- Location: Dysart et al, Ontario, Canada
- Coordinates: 45°10′59″N 78°32′16″W﻿ / ﻿45.18306°N 78.53778°W
- Type: Lake
- Part of: Great Lakes Basin
- River sources: Redstone River
- Max. length: 6.5 km (4.0 mi)
- Max. width: 4.8 km (3.0 mi)
- Surface elevation: 365 m (1,198 ft)

= Redstone Lake (Haliburton County) =

Redstone Lake is a lake located in geographic Guilford Township in the Municipality of Dysart et al, Haliburton County in Central Ontario, Canada. It is in the Great Lakes Basin and is part of the Gull River system. At its longest, it is approximately 6.5km (4 miles).

==Hydrology==
The primary inflow is the Redstone River at arriving via two channels at the northwest from Pelaw Lake and from Little Redstone Lake.
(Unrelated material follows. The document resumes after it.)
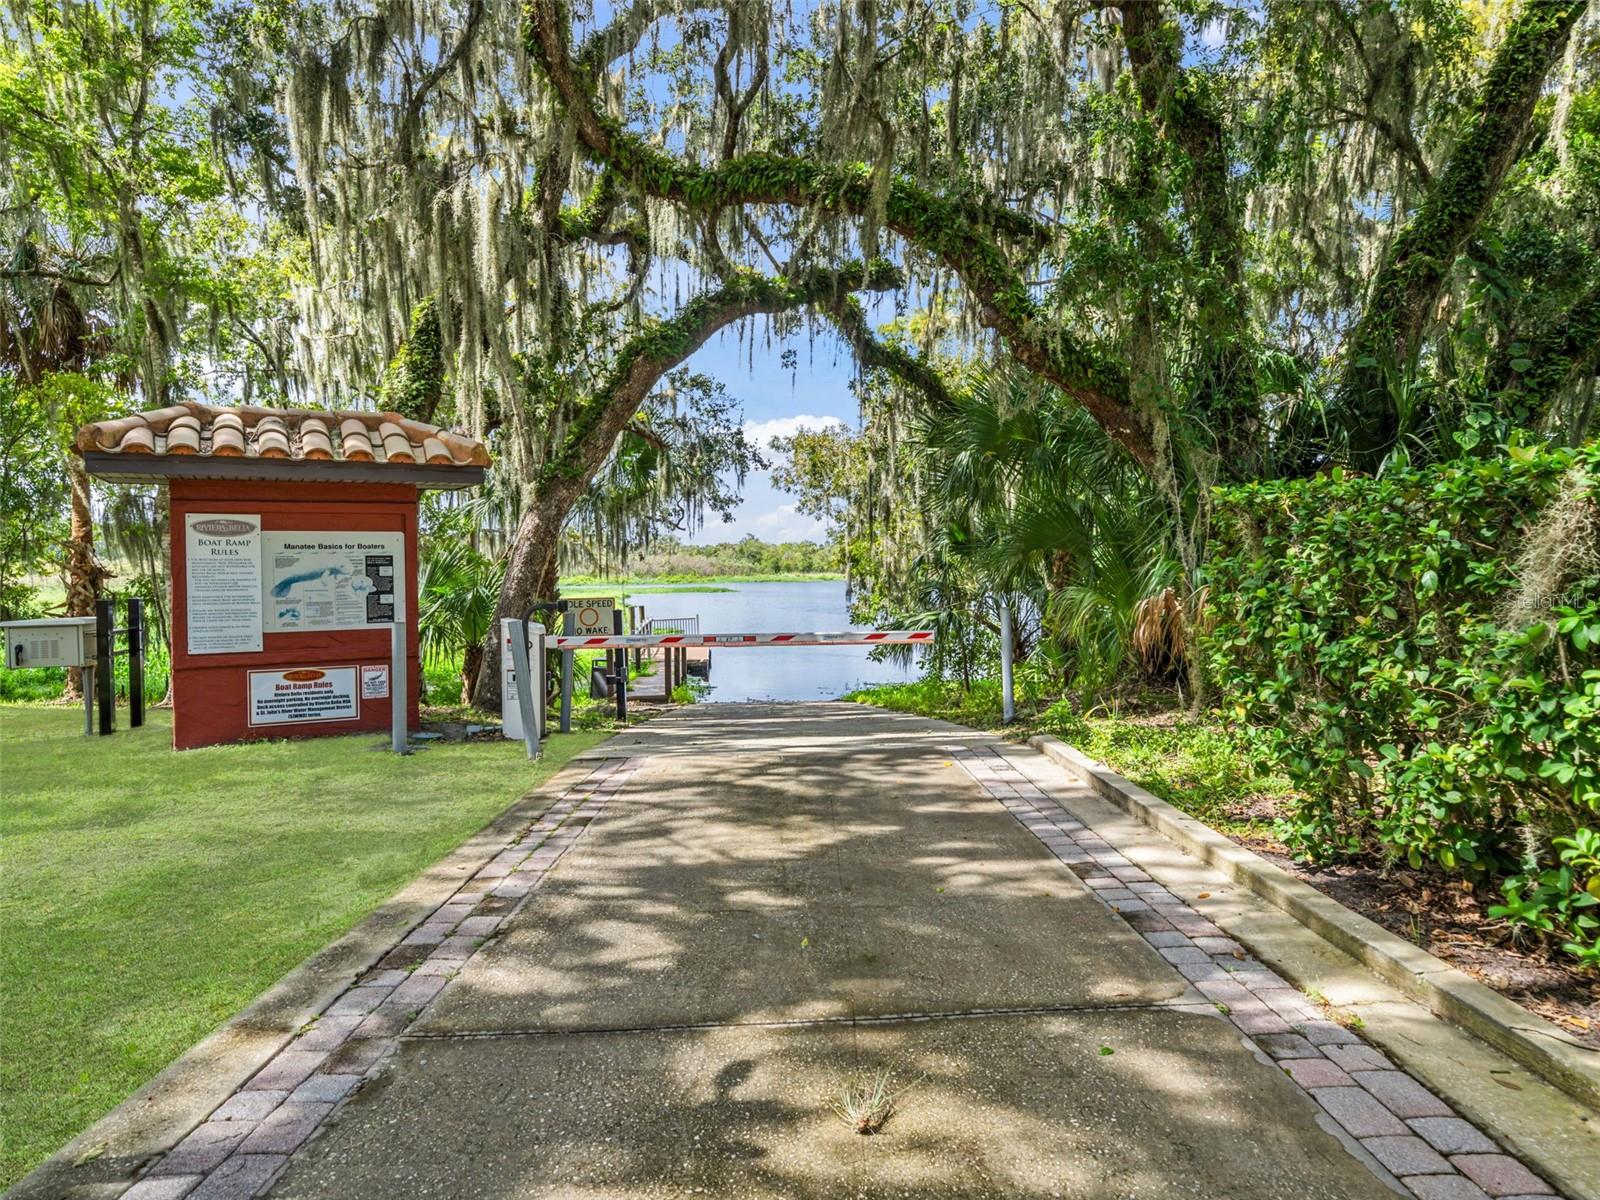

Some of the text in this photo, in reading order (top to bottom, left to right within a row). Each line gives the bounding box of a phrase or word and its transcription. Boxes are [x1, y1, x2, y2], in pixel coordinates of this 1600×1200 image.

A secondary inflow is Harburn Creek at the northeast. There are two primary outflows that are both controlled by dams and that both lead to the Gull River. The East Redstone River at the southeast leads to Eagle Lake further downstream, and the Redstone River at the southwest leads to Green Lake further downstream. The Gull River flows as part of the Trent–Severn Waterway via the Trent River to Lake Ontario. Since the Gull River system flows to the summit of the waterway at Balsam Lake, its tributaries including Redstone Lake serve as an important water flow control reservoir.

==Economy==
Residents of Bitter, Burdock, Little Redstone, Pelaw and Redstone Lakes are represented by the Redstone Lake Cottagers Association.

The West Guilford/Redstone Lake Water Aerodrome is located at the northwest end of the lake.